EN SALLES – Grand frère de Liang Ming (en salles le 26/08/2020)

Posté le 26 août 2020 par

Le cinéma chinois nous a marqués en 2019 par la force des films qui nous ont été offerts en salles. À cela s’ajoute la belle programmation du festival Allers-Retours 2020 qui nous a permis de découvrir la nouvelle scène indépendante du cinéma chinois. Inutile donc de dire, que nous attendons chaque nouveau film chinois avec impatience. Et c’est avec joie que nous accueillons Grand frère en salles.

Après avoir joué dans Nuit d’ivresse printanière et continué son travail avec Lou Ye en tant qu’assistant réalisateur sur Mystery, Liang Ming s’essaye maintenant à la réalisation avec Grand Frère.

Gu Xi est sur le point de perdre son emploi à cause de problèmes de papiers d’identité. Tout en utilisant ses relations pour obtenir des papiers en règle, elle fait également face à un autre défi : s’entendre avec la nouvelle petite-amie de son frère, Qingchang. Alors que l’hiver s’installe et que les températures plongent, la relation entre Gu Xi, son frère Gu Liang et sa petite-amie devient de plus en plus floue… 
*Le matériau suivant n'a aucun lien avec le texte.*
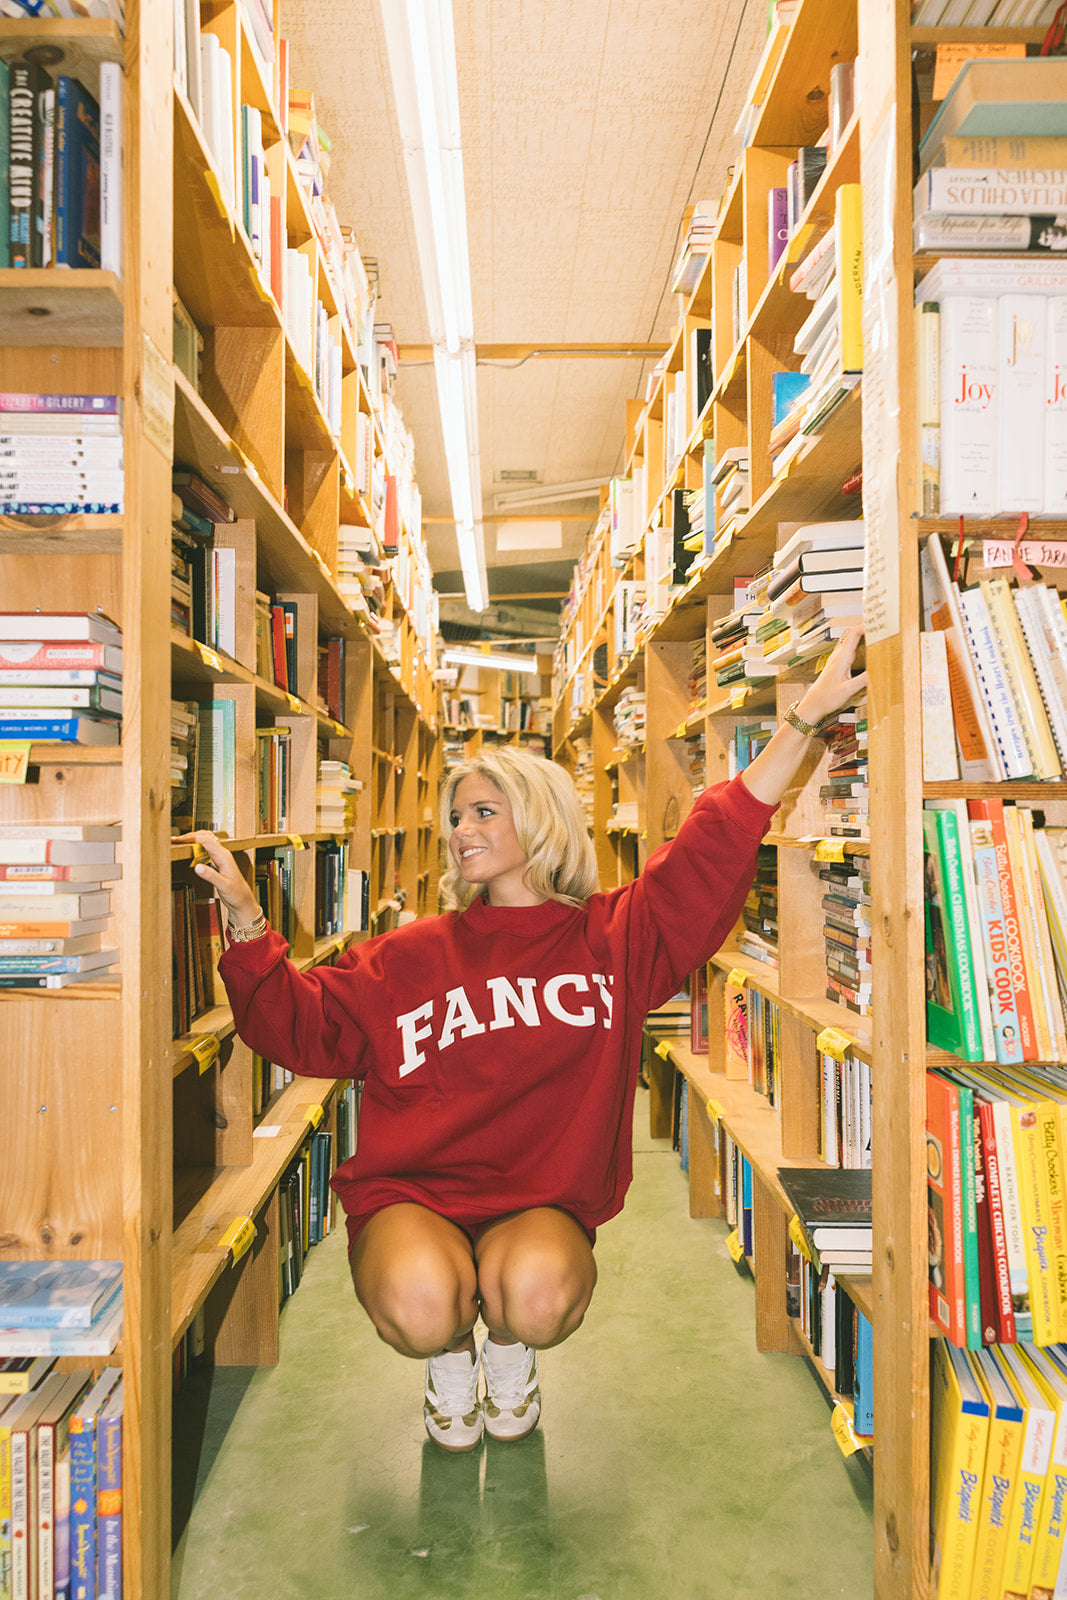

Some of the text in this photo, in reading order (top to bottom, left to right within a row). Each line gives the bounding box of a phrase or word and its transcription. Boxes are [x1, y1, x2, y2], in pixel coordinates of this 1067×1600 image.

[10, 88, 33, 161] CREATIVE
[10, 164, 33, 208] MIND
[946, 187, 1018, 205] CHILD'S
[996, 171, 1065, 185] ITCHEN
[0, 397, 85, 408] LIZABETH GILBERT
[955, 364, 996, 409] joy
[952, 893, 967, 952] CHRISTMAS
[987, 919, 1007, 964] KIDS
[995, 843, 1027, 993] Betty Crocker's COOKBOOK
[957, 951, 973, 1012] COOKBOOK
[994, 966, 1014, 1016] COOK
[396, 973, 614, 1079] FANCY
[952, 1148, 961, 1179] DINNER
[953, 1179, 961, 1193] FOR
[987, 1154, 1002, 1210] COMPLETE
[1005, 1166, 1016, 1201] BAKING
[954, 1194, 962, 1216] TWO
[1009, 1203, 1018, 1222] FOR
[1032, 1183, 1042, 1223] ULTIMATE
[1043, 1118, 1067, 1304] Betty Crocker's Microwave Cookbook
[954, 1216, 963, 1264] COOKBOOK
[992, 1210, 1006, 1252] CHICKEN
[1011, 1224, 1021, 1255] TODAY
[1031, 1225, 1049, 1275] Bisquick
[996, 1252, 1011, 1316] COOKBOOK
[1041, 1276, 1051, 1323] COOKBOOK
[14, 1441, 26, 1523] THE VALUE IN THE VALLEY
[41, 1435, 52, 1514] THE VALUE IN THE VALLEY
[956, 1469, 978, 1524] Bisquick
[989, 1474, 1010, 1529] Bisquick
[1021, 1481, 1041, 1533] Bisquick
[1049, 1474, 1067, 1526] Bisquick
[950, 1524, 968, 1598] COOKBOOK
Le film a été tourné dans la province du Heilongjiang, dans le nord-est de la Chine, qui est la province d’origine du réalisateur. Le détail pourrait être anodin si le film n’était pas empreint d’une certaine nostalgie. Le cinéma chinois actuel ne cesse de revendiquer cette nostalgie, ce vertige face à des bouleversements économiques constants, des paysages urbains refaçonnés dont on cherche en mémoire les lieux connus et aimés. Pas de mention de ces grands changements sociétaux dans Grand frère, et pourtant, la même mélancolie y est présente, celle d’une jeune femme qui réalise que sa vie est en train de changer inéluctablement.
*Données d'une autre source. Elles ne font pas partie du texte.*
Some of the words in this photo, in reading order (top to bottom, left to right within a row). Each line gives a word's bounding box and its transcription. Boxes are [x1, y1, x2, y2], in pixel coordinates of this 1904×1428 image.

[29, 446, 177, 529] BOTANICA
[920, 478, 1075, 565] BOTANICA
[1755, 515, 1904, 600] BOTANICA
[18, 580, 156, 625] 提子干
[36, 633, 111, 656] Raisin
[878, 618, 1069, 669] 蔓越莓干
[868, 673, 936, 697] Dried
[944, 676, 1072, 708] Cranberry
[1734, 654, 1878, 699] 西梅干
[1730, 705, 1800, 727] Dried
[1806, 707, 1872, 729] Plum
Liang Ming prend le parti de ne présenter que le point de vue de son héroïne, Gu Xi, que ce soit dans l’installation initiale de la relation fraternelle ou dans l’arrivée du catalyseur : la petite-amie. La démarche est intéressante car elle donne une vision unilatérale de l’intrigue qui laisse le spectateur dans l’ombre concernant des enjeux politiques plus globaux : la marée noire, le contrôle des zones de pêches, la découverte d’un pêcheur mort… Cela permet également de nous placer au niveau de Gu Xi, dans son conflit intérieur face à Qingchang, comme dans l’immaturité de ses sentiments.

La limite en est qu’elle rend la narration parfois opaque. Le microcosme émotionnel de Gu Xi ne s’imbrique qu’avec peu de fluidité dans la perspective d’ensemble que le réalisateur tente de dépeindre. On sent bien souvent les intentions (louables) de Liang Ming, tant dans le scénario que dans sa mise en scène, ce qui nous place dans une compréhension intellectuelle bien plus qu’émotionnelle, et cela dès les prémices du récit.
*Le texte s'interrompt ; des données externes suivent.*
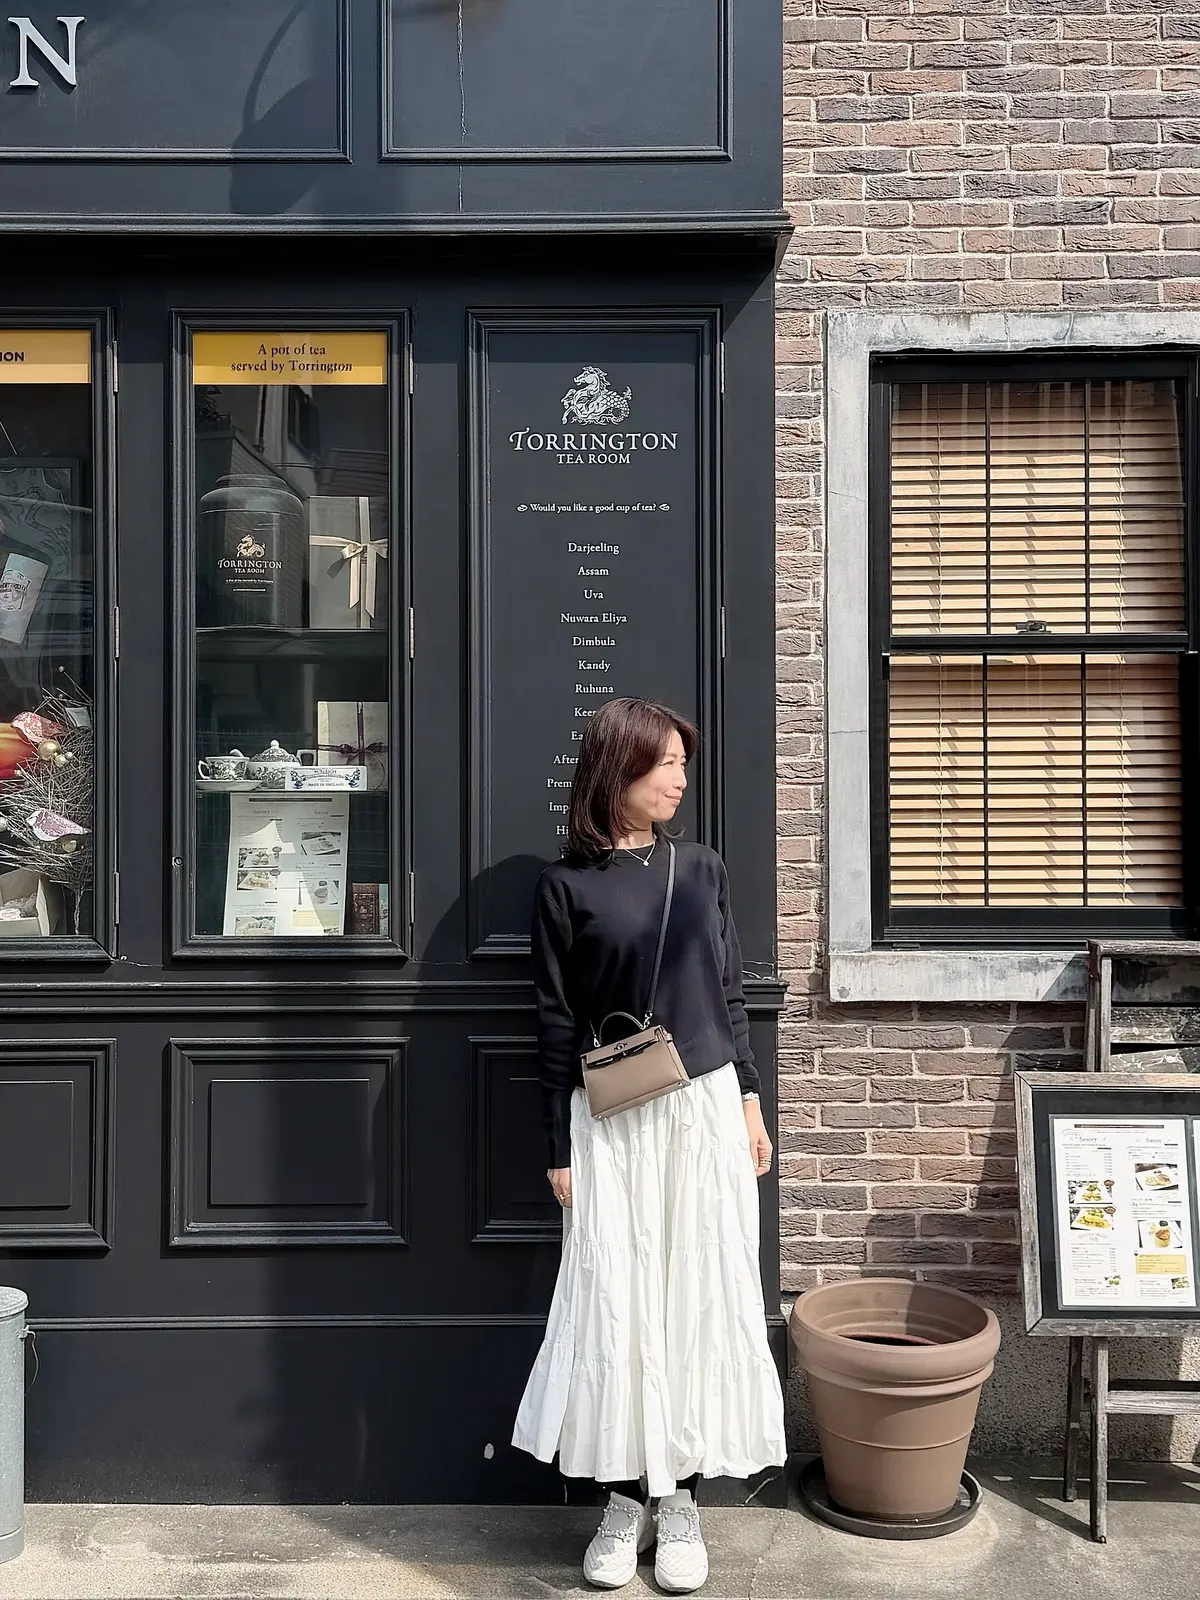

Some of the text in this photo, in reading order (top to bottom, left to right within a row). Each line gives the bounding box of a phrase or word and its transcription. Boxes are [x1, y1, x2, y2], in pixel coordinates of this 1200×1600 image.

[7, 16, 85, 86] N
[257, 343, 326, 357] A pot of tea
[231, 360, 353, 374] served by Torrington
[556, 453, 632, 464] TEA ROOM
[530, 503, 556, 512] Would
[557, 505, 571, 514] you
[573, 503, 587, 512] like
[595, 503, 614, 514] good
[631, 503, 641, 512] of
[642, 503, 657, 512] tea?
[568, 541, 620, 555] Darjeeling
[577, 566, 609, 576] Assam
[583, 589, 604, 599] Uva
[560, 612, 628, 625] Nuwara Eliya
[572, 636, 616, 646] Dimbula
[578, 660, 611, 672] Kandy
[575, 683, 614, 694] Ruhuna
Plusieurs scènes viennent introduire l’intimité de Gu Liang avec sa sœur, sans vraiment installer un réel trouble qui puisse nous convaincre du chamboulement que cela provoquera chez Gu Xi, quand elle verra en Qingchang une concurrente. Liang Ming s’inspire du cinéma de Lou Ye pour ce premier long-métrage, mais n’atteint jamais l’essence sensuelle de son œuvre. Pourtant, on en perçoit la lueur dans quelques scènes, notamment lorsque les trois protagonistes admirent un paysage, appuyés tous les trois contre un garde-corps, miroir troublant du trio amoureux de Nuit d’ivresse printanière. C’est quand le film opère ce lâcher-prise qu’il trouve ses plus belles scènes et laisse place à la spontanéité de l’instant et donc, à l’émotion.

Même si Liang Ming vacille sous le poids de ses références et se perd quelque peu en voulant superposer les intrigues, il se dégage néanmoins de ce premier film une grande ambition de cinéma, ainsi qu’une mise en scène et des acteurs impeccables. Le prochain film du réalisateur est déjà en préparation, et traitera de nouveau du passage à l’âge adulte d’une jeune fille, et on l’espère, trouvera lui aussi son chemin jusqu’à nos salles françaises.

Marie Culadet

Grand Frère de Liang Ming. Chine. 2020. En salles le 26/08/2020.